▶ _Your goal_
Ignoring the pictures, repeat every entry below exactly as it appears.

▶ _Records for the task_
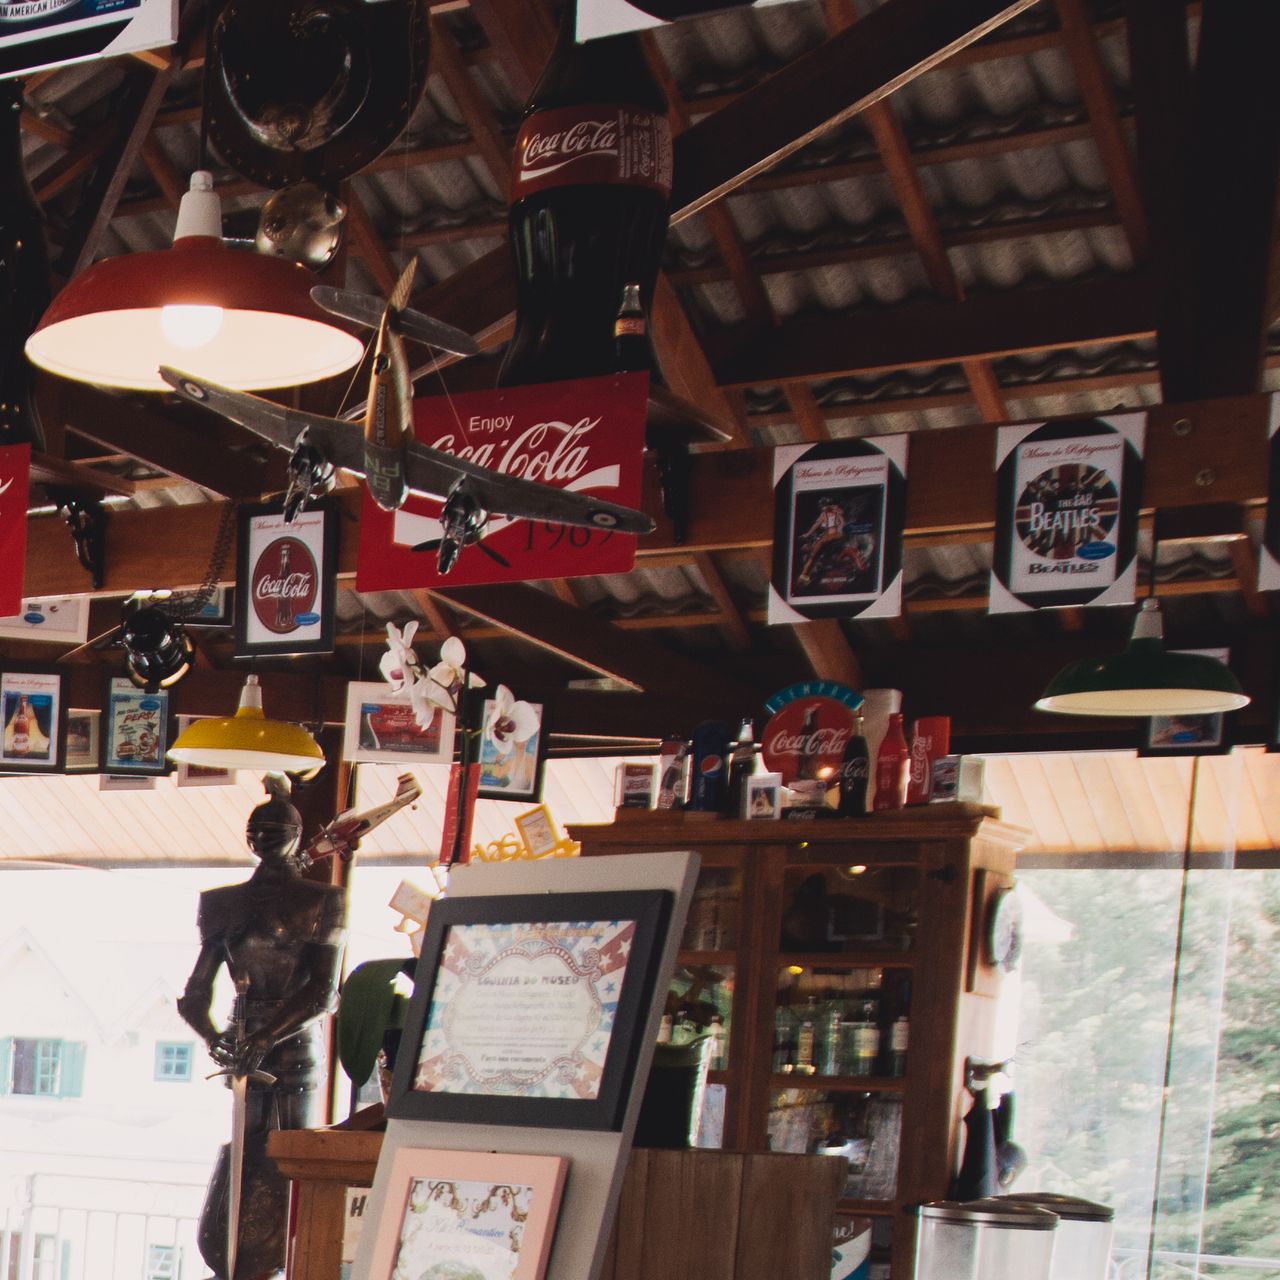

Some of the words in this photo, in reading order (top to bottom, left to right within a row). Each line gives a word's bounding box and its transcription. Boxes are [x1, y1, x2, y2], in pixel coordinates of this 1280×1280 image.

[10, 3, 48, 17] AMERICAN
[523, 120, 618, 167] Coca-Cola
[469, 414, 515, 437] Enjoy
[1029, 501, 1101, 539] BEATLES
[1029, 562, 1101, 576] BEATLES
[256, 571, 313, 600] Coca-Cola
[770, 727, 849, 756] Coca-Cola
[350, 1195, 367, 1217] H
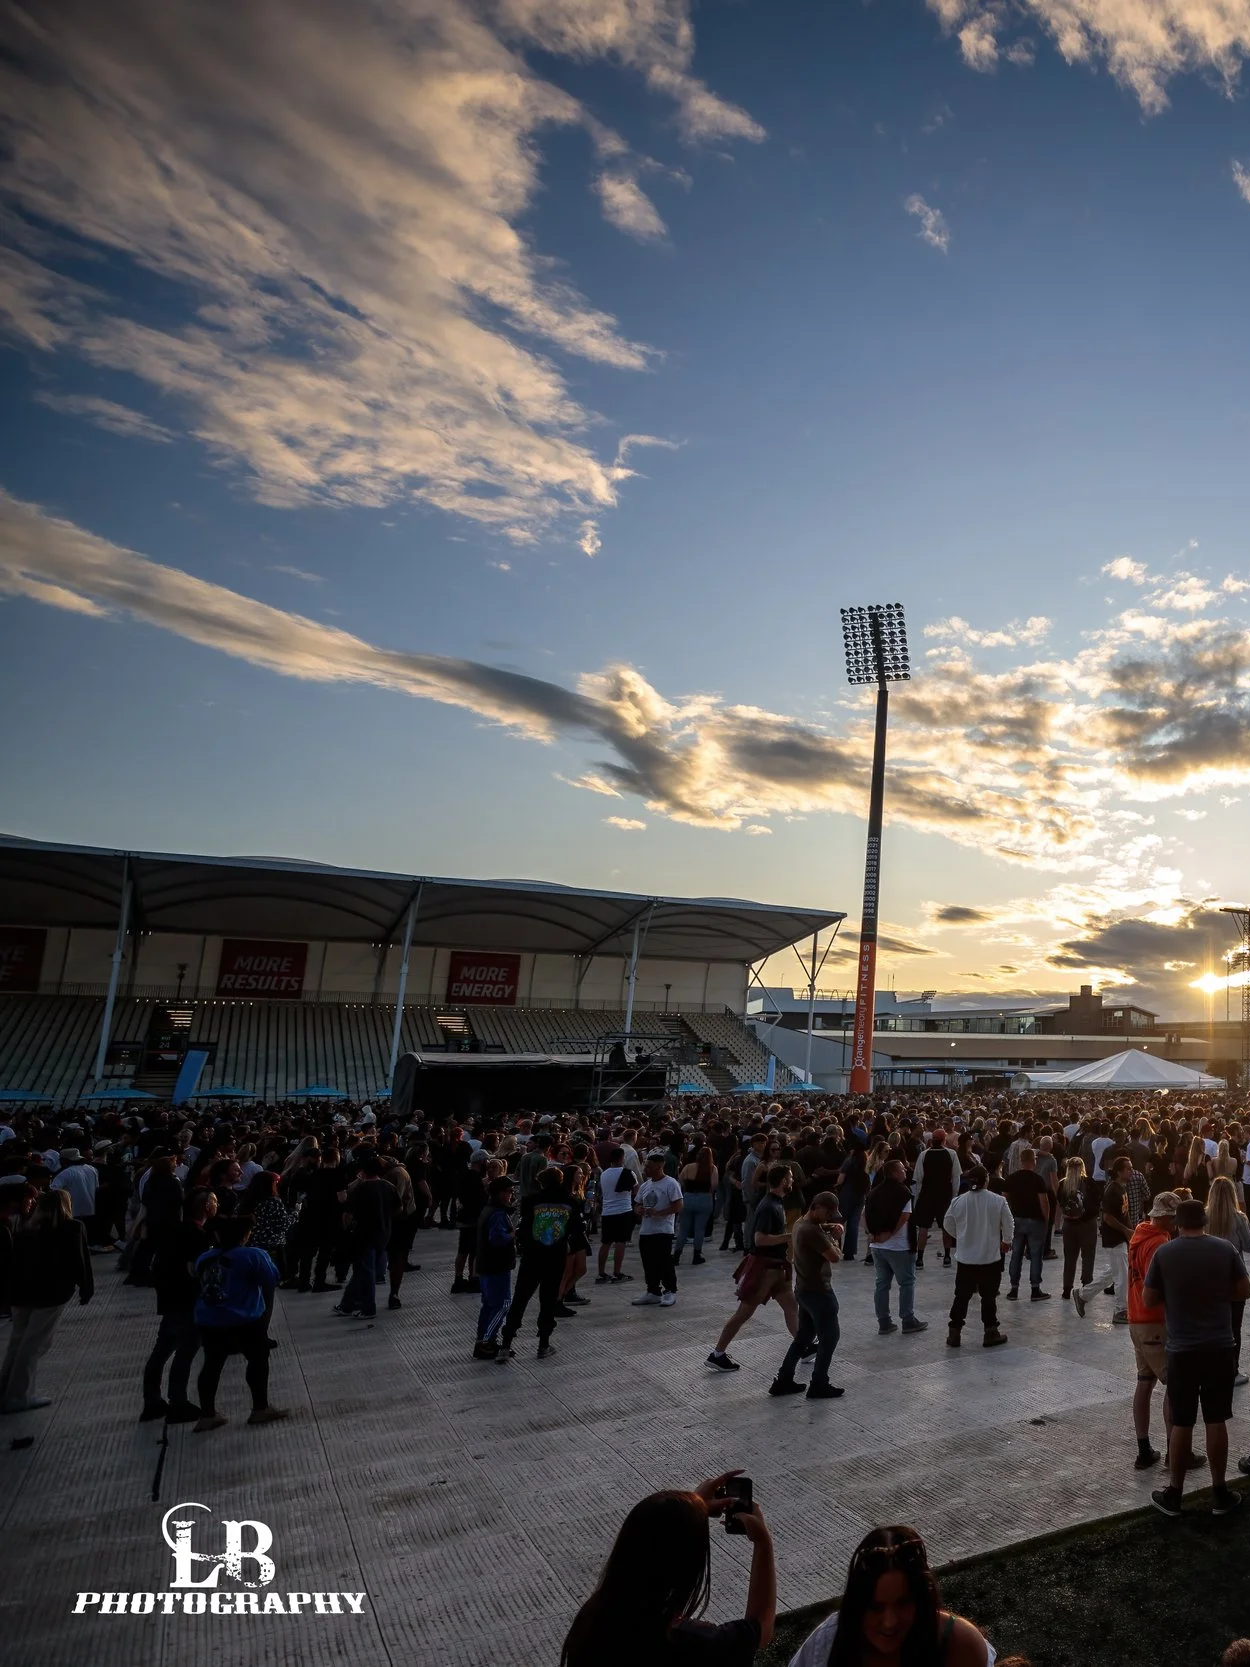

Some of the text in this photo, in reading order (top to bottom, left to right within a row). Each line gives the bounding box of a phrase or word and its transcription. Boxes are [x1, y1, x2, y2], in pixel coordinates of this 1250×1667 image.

[233, 955, 294, 973] MORE
[460, 966, 509, 981] MORE
[860, 944, 870, 1005] FITNESS
[220, 974, 302, 992] RESULTS
[451, 983, 515, 998] ENERGY

▶ _Problem solution_
Some of the words in this photo, in reading order (top to bottom, left to right within a row). Each line gives a word's bounding box and its transcription. Boxes are [x1, y1, x2, y2], in pixel coordinates of this 1280×1280 image.

[10, 3, 48, 17] AMERICAN
[523, 120, 618, 167] Coca-Cola
[469, 414, 515, 437] Enjoy
[1029, 501, 1101, 539] BEATLES
[1029, 562, 1101, 576] BEATLES
[256, 571, 313, 600] Coca-Cola
[770, 727, 849, 756] Coca-Cola
[350, 1195, 367, 1217] H

Some of the text in this photo, in reading order (top to bottom, left to right within a row). Each line gives the bounding box of a phrase or word and its transcription. Boxes are [x1, y1, x2, y2], in pixel coordinates of this 1250×1667 image.

[233, 955, 294, 973] MORE
[460, 966, 509, 981] MORE
[860, 944, 870, 1005] FITNESS
[220, 974, 302, 992] RESULTS
[451, 983, 515, 998] ENERGY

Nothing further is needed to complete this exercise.